"Inflatable" is the seventh episode of the second season of the American television crime drama series Better Call Saul, a spin-off series of Breaking Bad. Written by Gordon Smith and directed by Colin Bucksey, the episode aired on AMC in the United States on March 28, 2016. Outside of the United States, the episode premiered on the streaming service Netflix in several countries.

Plot

Opening
In a flashback to 1973, Jimmy McGill is working in his father's store when a grifter enters and attempts to pull a con by telling Jimmy's father he has a young child and is in financial need. Jimmy disbelieves the grifter and tries to warn his father, but his father is more concerned that suspicion could cause him to turn away someone who really requires help. While Jimmy's father is distracted, the grifter admits the con and tells Jimmy there are only wolves and sheep in the world, and he will have to choose which to be. Disillusioned by his father's gullibility, Jimmy steals money from the register.

Main story
Jimmy represents Mike Ehrmantraut when Mike tells the prosecutor that the gun found after the fight between Mike and Tuco Salamanca was not Tuco's. Jimmy decides to quit D&M but learns that if he quits, he will have to repay the signing bonus he received when he joined. Jimmy finds a loophole in his contract which permits him to keep the money if he is fired without cause. While waiting at a stop light, he sees an inflatable tube man outside an oil-changing shop. Inspired by the colorful display, he executes a plan to get fired by doing everything he can think of to be irritating at work, from dressing in flashy suits to playing bagpipes in his office to not flushing the toilet after trips to the bathroom. Clifford Main finally fires Jimmy and tells him losing the signing bonus is worth it just to be rid of him.

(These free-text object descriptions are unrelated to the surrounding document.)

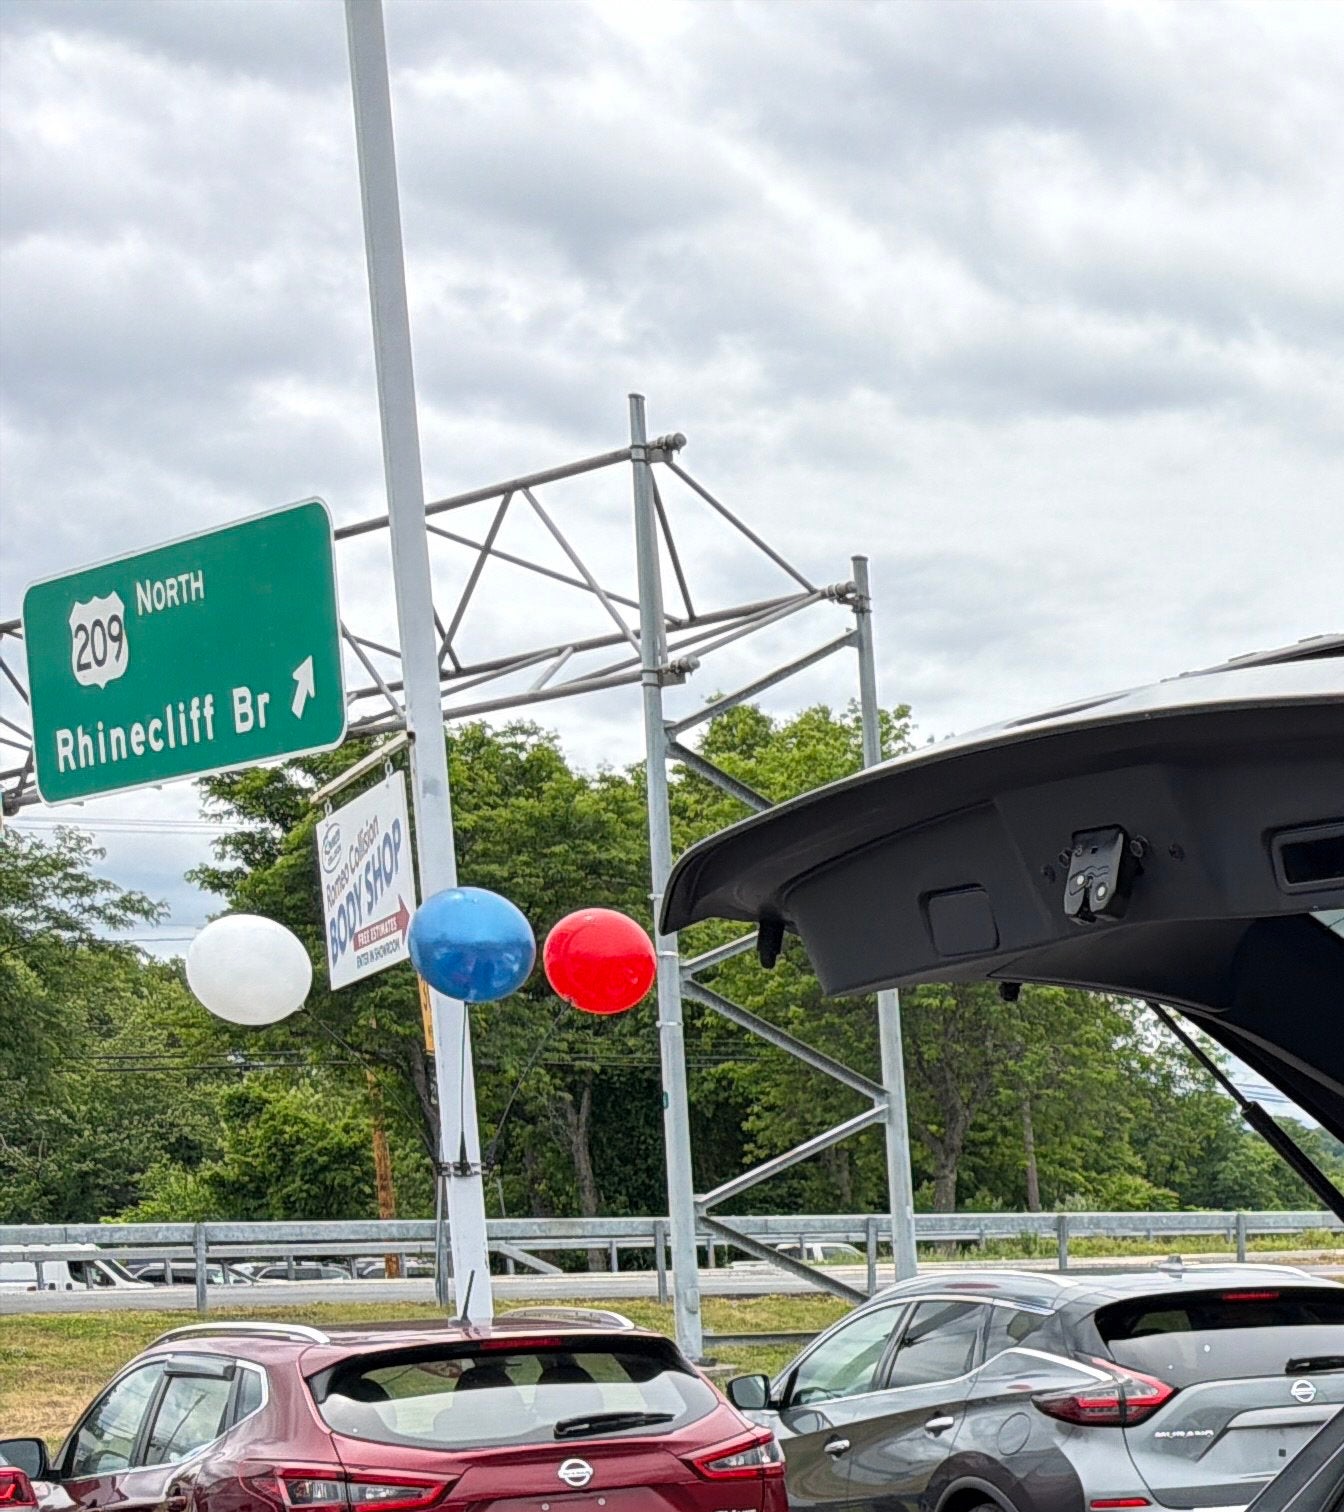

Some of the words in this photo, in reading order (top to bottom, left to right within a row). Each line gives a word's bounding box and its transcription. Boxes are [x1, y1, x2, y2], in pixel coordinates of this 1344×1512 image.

[135, 570, 205, 616] NORTH
[74, 613, 124, 673] 209
[55, 693, 215, 773] Rhinecliff
[231, 686, 270, 734] Br
[326, 862, 350, 909] Romeo
[349, 815, 379, 875] Collision
[329, 873, 363, 969] BODY
[364, 817, 402, 917] SHOP
[357, 928, 370, 948] FREE
[370, 916, 398, 942] ESTIMATES

Jimmy approaches Kim Wexler and attempts to convince her to partner with him in their own law firm. Kim agrees, but only on the condition that Jimmy plays it "straight and narrow". Jimmy admits that he can only be himself, which means pushing the envelope on what is legal and ethical, so Kim politely refuses. Jimmy then moves back to his old office at the nail salon.

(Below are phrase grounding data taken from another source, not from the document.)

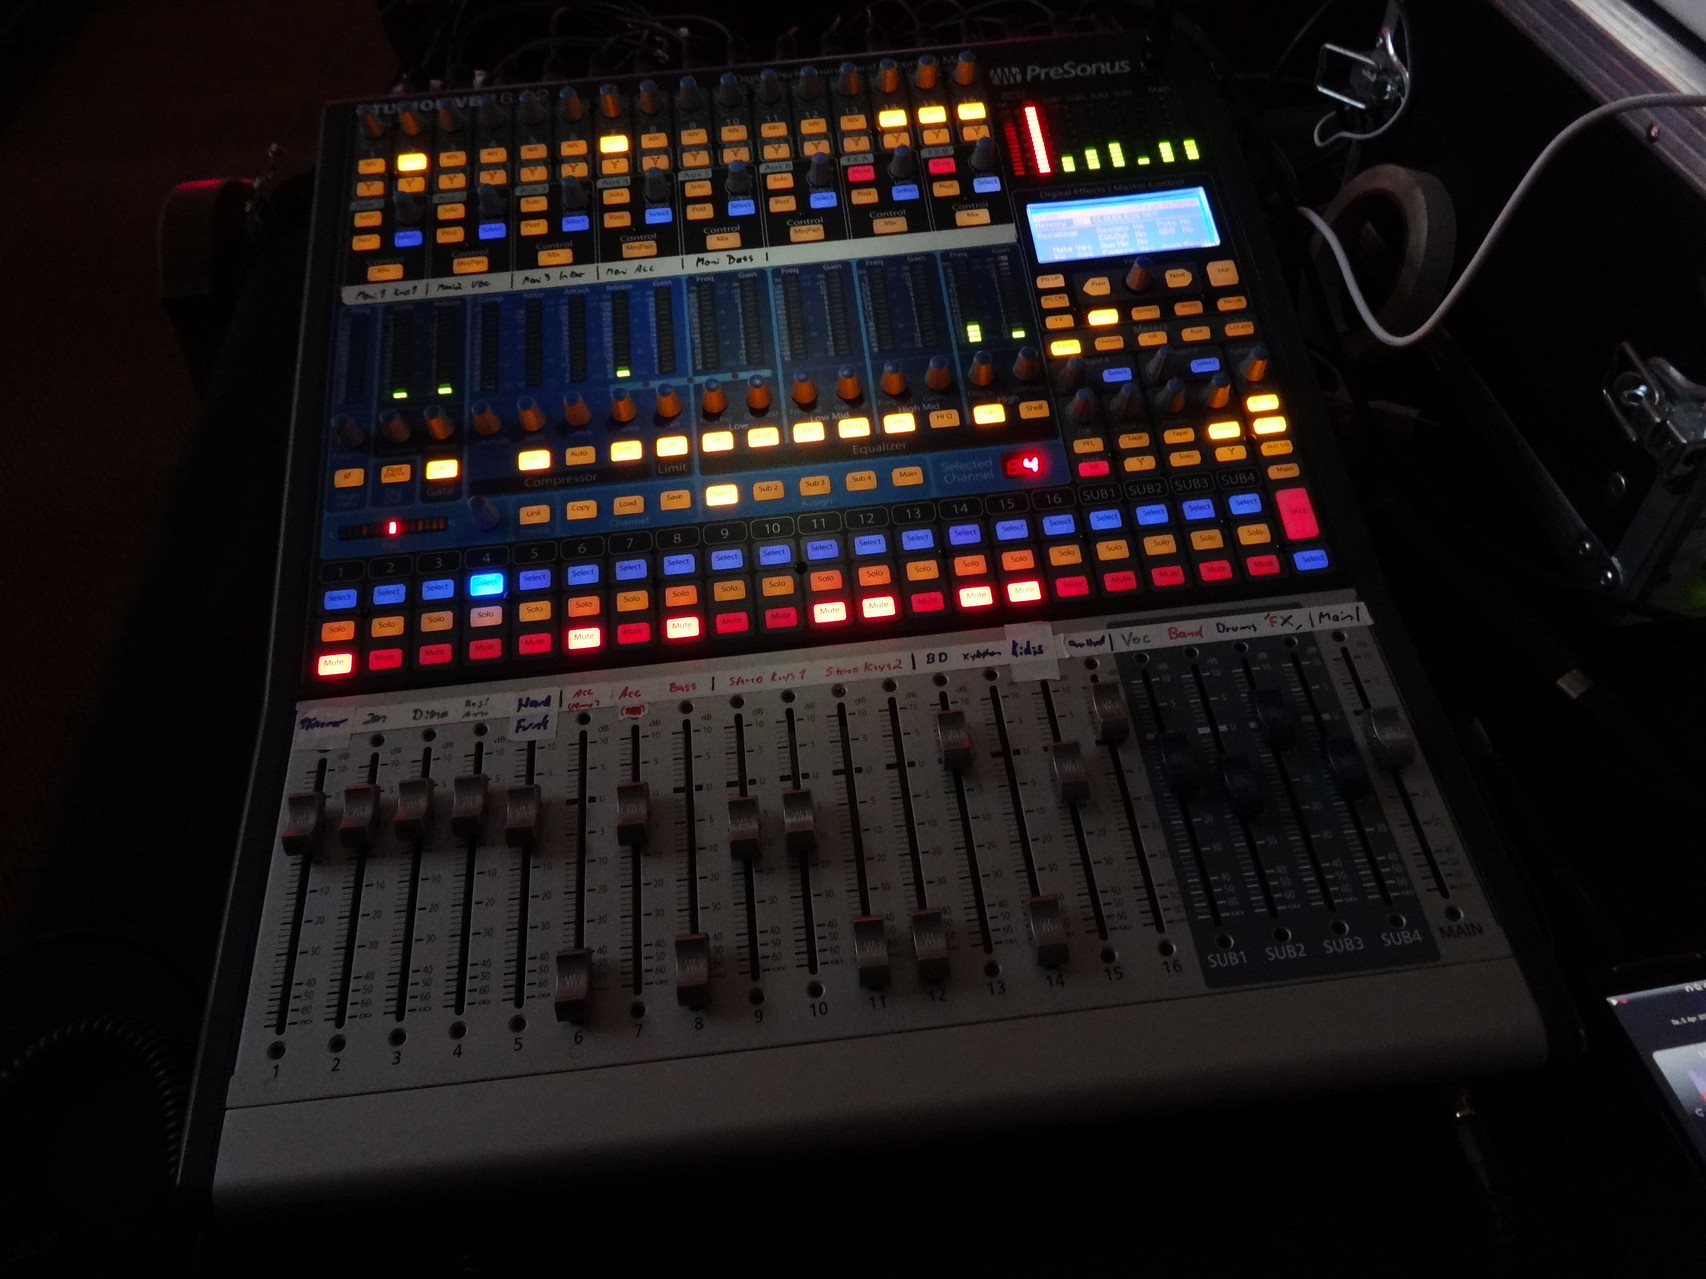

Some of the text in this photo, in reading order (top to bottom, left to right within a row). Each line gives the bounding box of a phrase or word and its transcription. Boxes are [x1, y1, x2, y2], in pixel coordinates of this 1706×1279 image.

[1027, 60, 1131, 82] PreSonus
[952, 201, 988, 210] Control
[870, 209, 906, 218] Control
[787, 217, 824, 227] Control
[703, 225, 740, 234] Control
[620, 232, 657, 242] Control
[696, 254, 754, 267] Moni Bass
[922, 402, 940, 411] Mid
[832, 411, 850, 420] Mid
[729, 422, 749, 430] Low
[852, 442, 907, 456] Equalizer
[658, 463, 688, 474] Limit
[941, 458, 992, 473] Selected
[1022, 457, 1039, 472] 4
[524, 472, 599, 489] Compressor
[944, 469, 994, 483] Channel
[1221, 473, 1255, 486] SUB4
[1129, 483, 1162, 496] SUB2
[1175, 478, 1209, 491] SUB3
[1046, 493, 1062, 504] 16
[1082, 488, 1115, 500] SUB1
[1000, 498, 1015, 510] 15
[1236, 498, 1258, 506] Select
[571, 504, 591, 512] Copy
[953, 503, 968, 514] 14
[1142, 508, 1165, 516] Select
[1188, 503, 1211, 512] Select
[860, 513, 874, 524] 12
[906, 508, 921, 519] 13
[1096, 513, 1118, 521] Select
[812, 518, 826, 529] 11
[1049, 518, 1071, 526] Select
[764, 522, 781, 534] 10
[1001, 524, 1024, 532] Select
[1247, 529, 1264, 537] Solo
[673, 533, 682, 544] 8
[720, 528, 729, 539] 9
[906, 534, 929, 542] Select
[1199, 534, 1216, 542] Solo
[626, 537, 634, 549] 7
[810, 543, 834, 551] Select
[858, 538, 882, 546] Select
[1153, 539, 1170, 547] Solo
[578, 543, 587, 553] 6
[763, 549, 785, 557] Select
[1058, 549, 1075, 557] Solo
[1105, 544, 1123, 552] Solo
[482, 553, 491, 563] 4
[530, 548, 538, 559] 5
[715, 553, 738, 561] Select
[435, 557, 442, 569] 3
[667, 558, 690, 566] Select
[962, 560, 980, 568] Solo
[1010, 555, 1027, 563] Solo
[386, 562, 394, 574] 2
[619, 563, 641, 571] Select
[914, 565, 932, 573] Solo
[339, 567, 343, 578] 1
[572, 569, 594, 577] Select
[866, 570, 883, 578] Solo
[523, 574, 546, 582] Select
[817, 575, 834, 583] Solo
[426, 583, 448, 592] Select
[721, 585, 738, 593] Solo
[769, 580, 786, 588] Solo
[328, 593, 351, 601] Select
[377, 588, 400, 596] Select
[966, 591, 987, 599] Mute
[623, 595, 640, 603] Solo
[526, 606, 544, 614] Solo
[868, 601, 889, 609] Mute
[477, 611, 494, 619] Solo
[771, 612, 792, 620] Mute
[820, 607, 840, 615] Mute
[428, 616, 445, 624] Solo
[1318, 611, 1355, 624] Main
[330, 625, 345, 633] Solo
[378, 621, 395, 629] Solo
[672, 621, 693, 629] Mute
[1216, 622, 1257, 634] Drums
[574, 632, 595, 640] Mute
[1168, 626, 1204, 640] Band
[1121, 632, 1151, 647] Voc
[323, 659, 344, 667] Mute
[619, 686, 641, 699] Acc
[669, 682, 697, 693] Bass
[573, 688, 593, 698] Acc
[1439, 922, 1484, 940] MAIN
[1380, 929, 1422, 948] SUB4
[1323, 936, 1364, 954] SUB3
[1265, 944, 1307, 961] SUB2
[1208, 950, 1247, 968] SUB1
[1163, 959, 1182, 973] 16
[1105, 967, 1124, 981] 15
[1046, 974, 1064, 988] 14
[987, 981, 1006, 995] 13
[930, 988, 947, 1002] 12
[869, 995, 886, 1010] 11
[809, 1002, 828, 1016] 10
[754, 1010, 763, 1024] 9
[694, 1016, 704, 1030] 8
[634, 1024, 643, 1038] 7
[574, 1031, 584, 1045] 6
[514, 1037, 523, 1051] 5
[453, 1044, 463, 1058] 4
[392, 1051, 402, 1065] 3
[331, 1058, 341, 1072] 2
[273, 1064, 279, 1078] 1

Mike promises to buy Stacey Ehrmantraut a new house in a better neighborhood and begins scouting Hector Salamanca's restaurant. Kim proposes a compromise to Jimmy, suggesting they start separate solo firms, but share office space to save on expenses and support each other if needed. Jimmy considers her offer and does not immediately respond.

Production
The episode features Stephen Snedden as the grifter during the flashback. Snedden was previously a starring cast member of The Lone Gunmen, a spin-off of The X-Files that Better Call Saul co-creator Vince Gilligan wrote and developed. He would also appear in The X-Files episode "Jump the Shark", also co-written by Gilligan, to resolve some of the hanging plotlines of The Lone Gunmen after the series was cancelled.

Reception

Ratings
Upon airing, the episode received 2.03 million American viewers, and an 18–49 rating of 0.8.

Critical reception
The episode received very positive reviews from critics. It holds a perfect 100% positive rating with an average score of 8.88 out of 10 on the review aggregator site Rotten Tomatoes. The critics' consensus reads: "Rich in character (and colorful suits), "Inflatable" is a funny and profound turning point for several key figures with life-altering decisions to be made."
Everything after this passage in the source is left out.